### [Data under study]
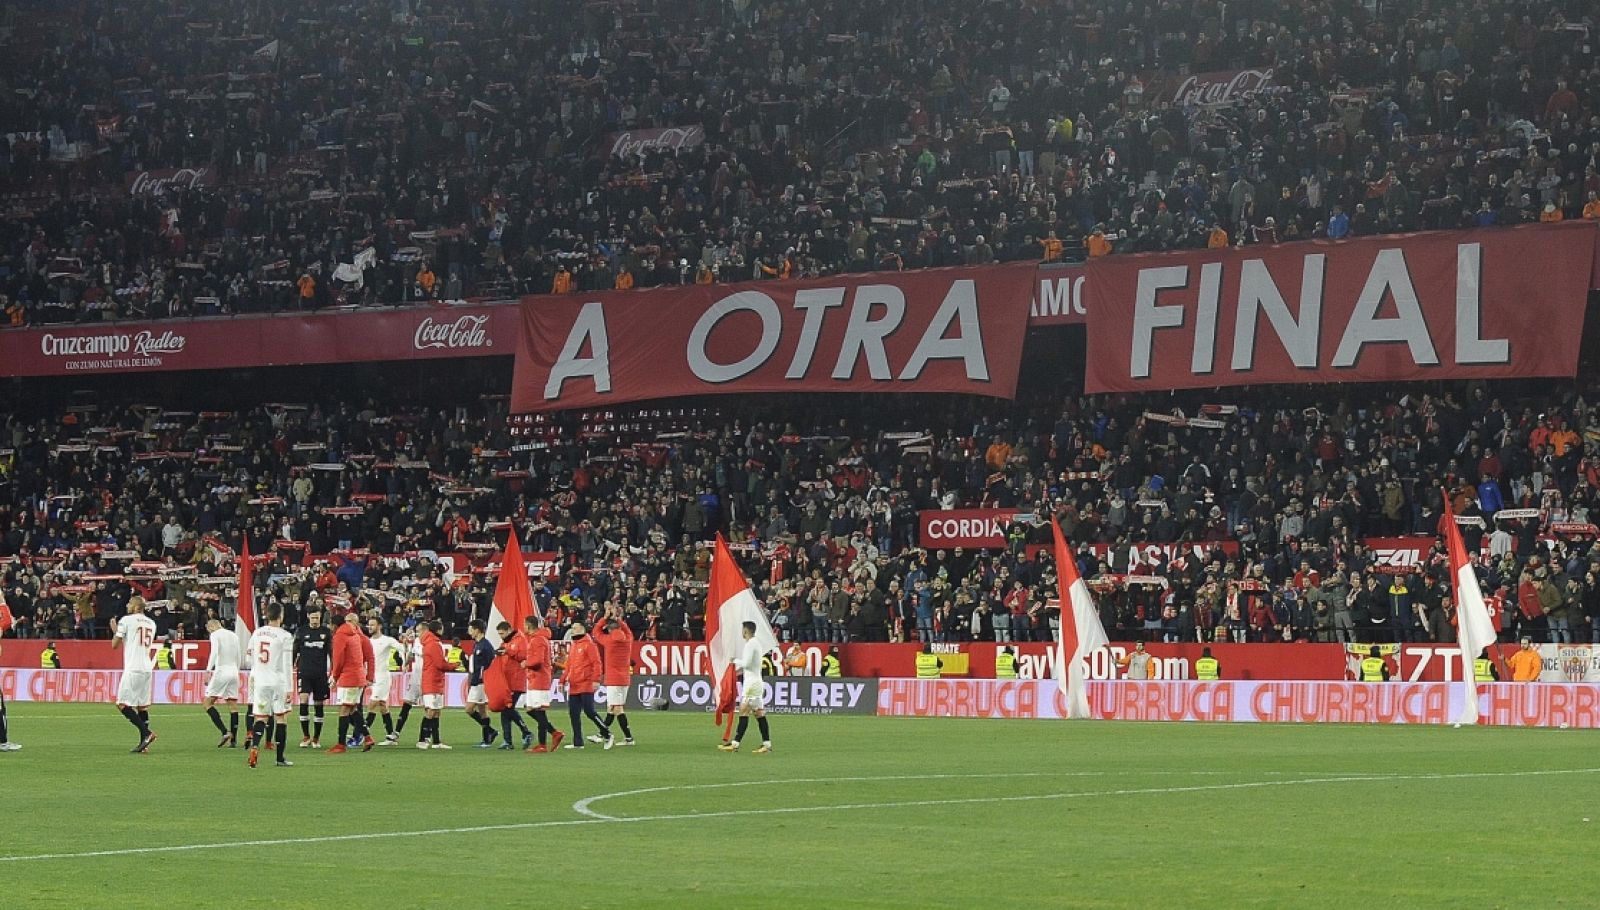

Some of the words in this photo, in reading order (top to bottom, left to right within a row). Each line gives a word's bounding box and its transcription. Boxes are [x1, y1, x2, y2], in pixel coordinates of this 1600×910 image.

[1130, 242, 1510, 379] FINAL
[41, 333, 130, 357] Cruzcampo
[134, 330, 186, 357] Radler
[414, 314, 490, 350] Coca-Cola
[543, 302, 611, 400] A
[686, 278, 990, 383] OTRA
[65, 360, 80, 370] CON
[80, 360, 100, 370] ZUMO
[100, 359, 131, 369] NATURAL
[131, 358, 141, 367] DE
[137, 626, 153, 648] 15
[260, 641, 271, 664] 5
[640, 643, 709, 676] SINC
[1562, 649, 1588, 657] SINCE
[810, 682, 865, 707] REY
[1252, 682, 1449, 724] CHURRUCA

### [Exercise requirements]
When you write out the material above, keep every line exact and drop each picture.

### [Result]
Some of the words in this photo, in reading order (top to bottom, left to right within a row). Each line gives a word's bounding box and its transcription. Boxes are [x1, y1, x2, y2], in pixel coordinates of this 1600×910 image.

[1130, 242, 1510, 379] FINAL
[41, 333, 130, 357] Cruzcampo
[134, 330, 186, 357] Radler
[414, 314, 490, 350] Coca-Cola
[543, 302, 611, 400] A
[686, 278, 990, 383] OTRA
[65, 360, 80, 370] CON
[80, 360, 100, 370] ZUMO
[100, 359, 131, 369] NATURAL
[131, 358, 141, 367] DE
[137, 626, 153, 648] 15
[260, 641, 271, 664] 5
[640, 643, 709, 676] SINC
[1562, 649, 1588, 657] SINCE
[810, 682, 865, 707] REY
[1252, 682, 1449, 724] CHURRUCA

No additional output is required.